Dysregulated neural coding in the vagus nerve during long sepsis

Sepsis is a life-threatening condition characterized by organ dysfunction resulting from the body's unbalanced and excessive response to an infection. ‘Long sepsis’ (LS) is an emerging concept referring to persistent sequelae experienced by long-term sepsis survivors, which include cognitive impairment, immune dysfunction, high cardiovascular risk, fatigue, and depression. Here, we investigated the role of the vagus nerve, a key component of the inflammatory reflex, in a mouse model of LS. Six weeks after cecal ligation and puncture (CLP) or sham surgery, we performed electrophysiological recordings from the cervical vagus nerve in anesthetized male mice. We found that LS mice exhibited significantly higher baseline vagal activity compared to controls, with elevated firing rates during both respiratory bursts and inter-burst intervals. Control mice showed clear increases in vagal activity following systemic administration of pro-inflammatory cytokines, tumor necrosis factor (TNF) and interleukin-1β (IL-1β), but LS mice displayed markedly dysregulated responses.
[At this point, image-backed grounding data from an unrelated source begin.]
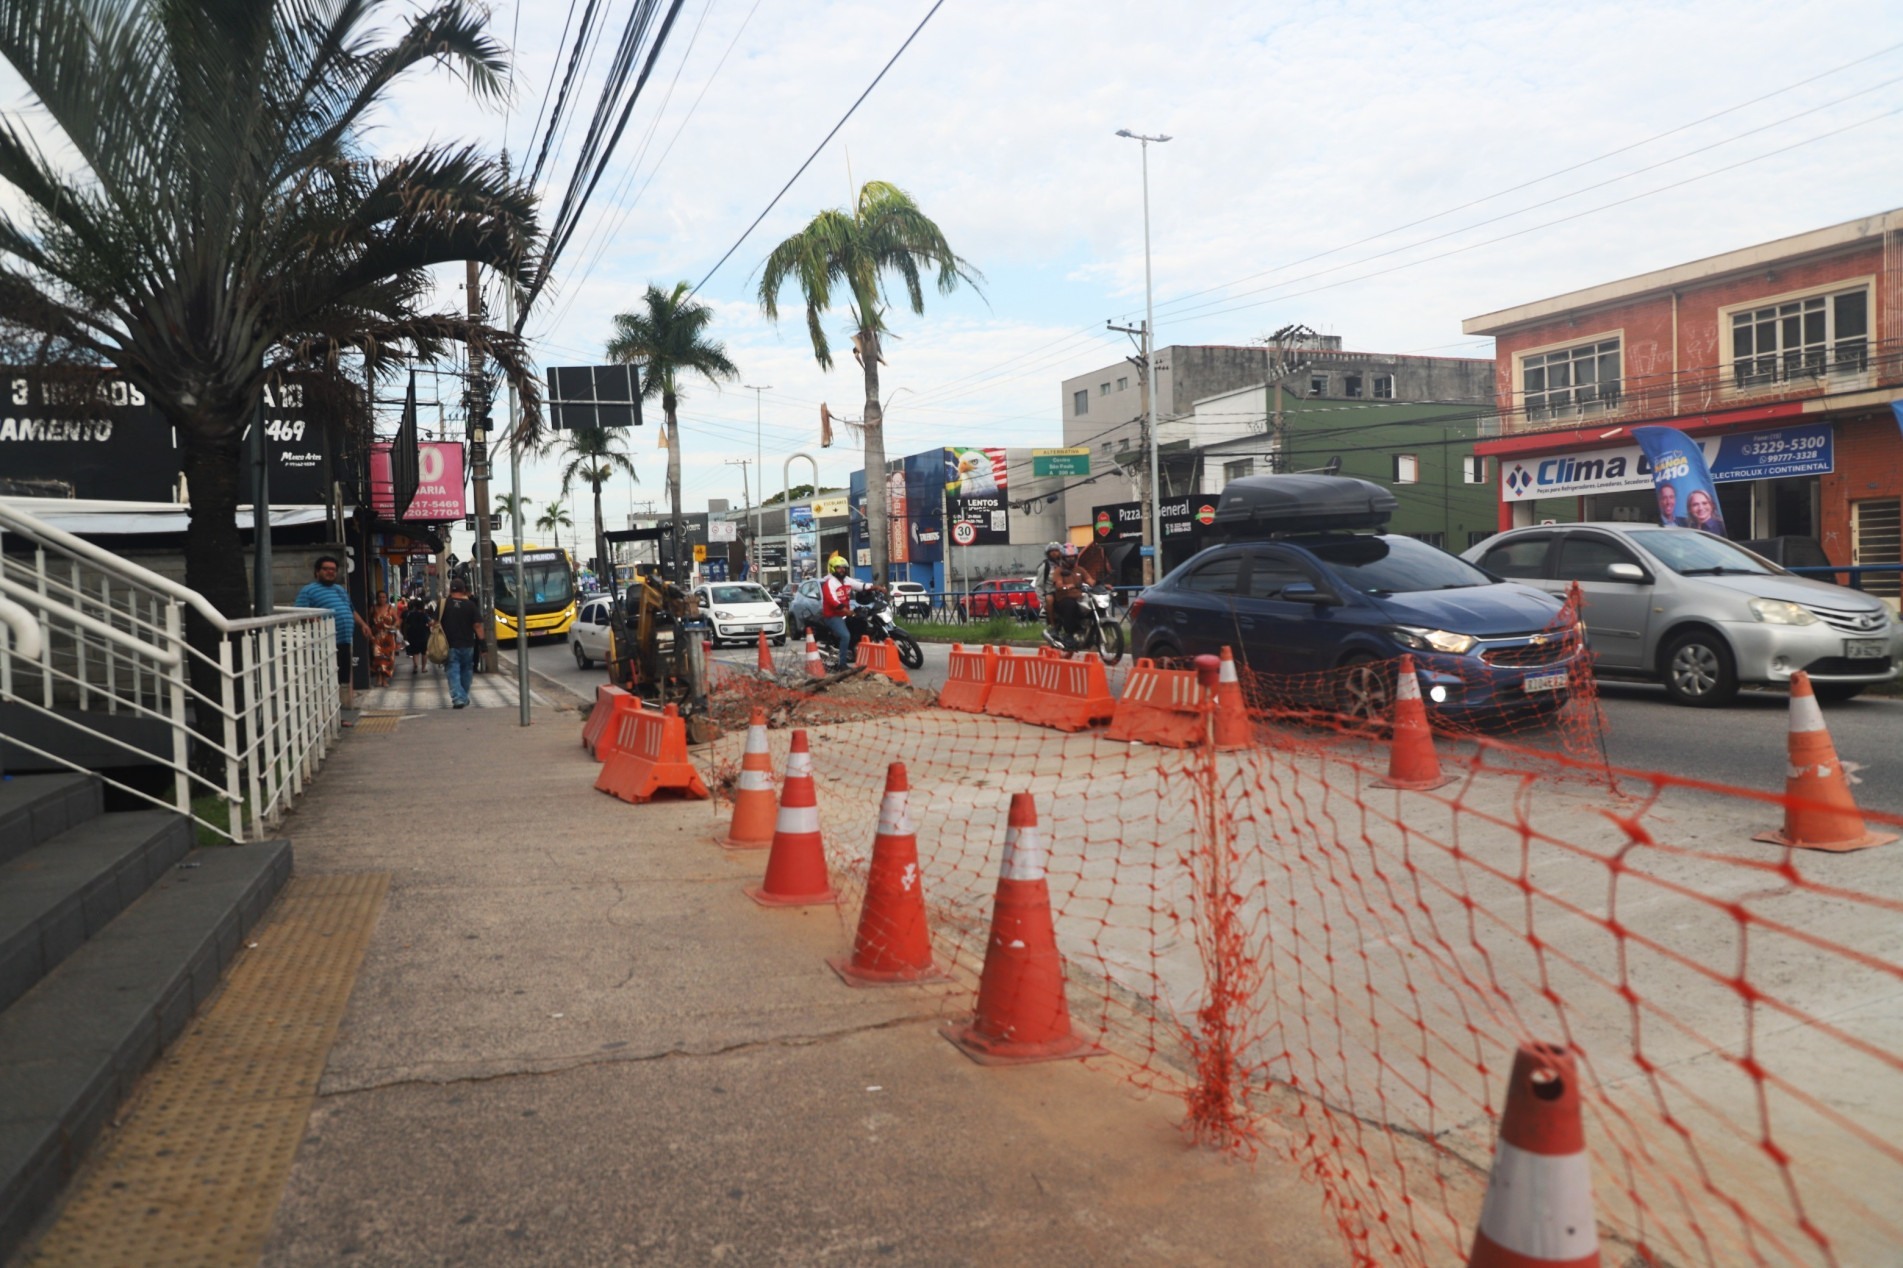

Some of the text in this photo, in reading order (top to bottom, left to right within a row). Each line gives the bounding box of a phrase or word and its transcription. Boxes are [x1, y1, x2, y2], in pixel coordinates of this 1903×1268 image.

[12, 378, 28, 405] 3
[1752, 436, 1826, 455] 3229-5300
[1537, 456, 1627, 486] Clima
[1711, 469, 1763, 480] ELECTROLUX
[1768, 462, 1829, 475] CONTINENTAL
[957, 499, 999, 507] TLENTOS
[1158, 499, 1190, 517] eneral
[404, 509, 460, 517] 202-7704
[957, 525, 972, 536] 30
LS mice showed altered firing dynamics, with many vagal units decreasing rather than increasing their activity after cytokine stimulation. Using a naïve Bayes decoder, we demonstrated that LS disrupted the neural code in the vagus nerve, significantly altering its activity pattern in response to cytokine signals. These results suggest that LS fundamentally alters vagus nerve function, with elevated baseline activity and diminished responsiveness to inflammatory signals. This neurophysiological dysregulation may contribute to the persistent multi-organ dysfunctions observed in long sepsis survivors, suggesting a potential role for vagal signaling in sepsis outcomes.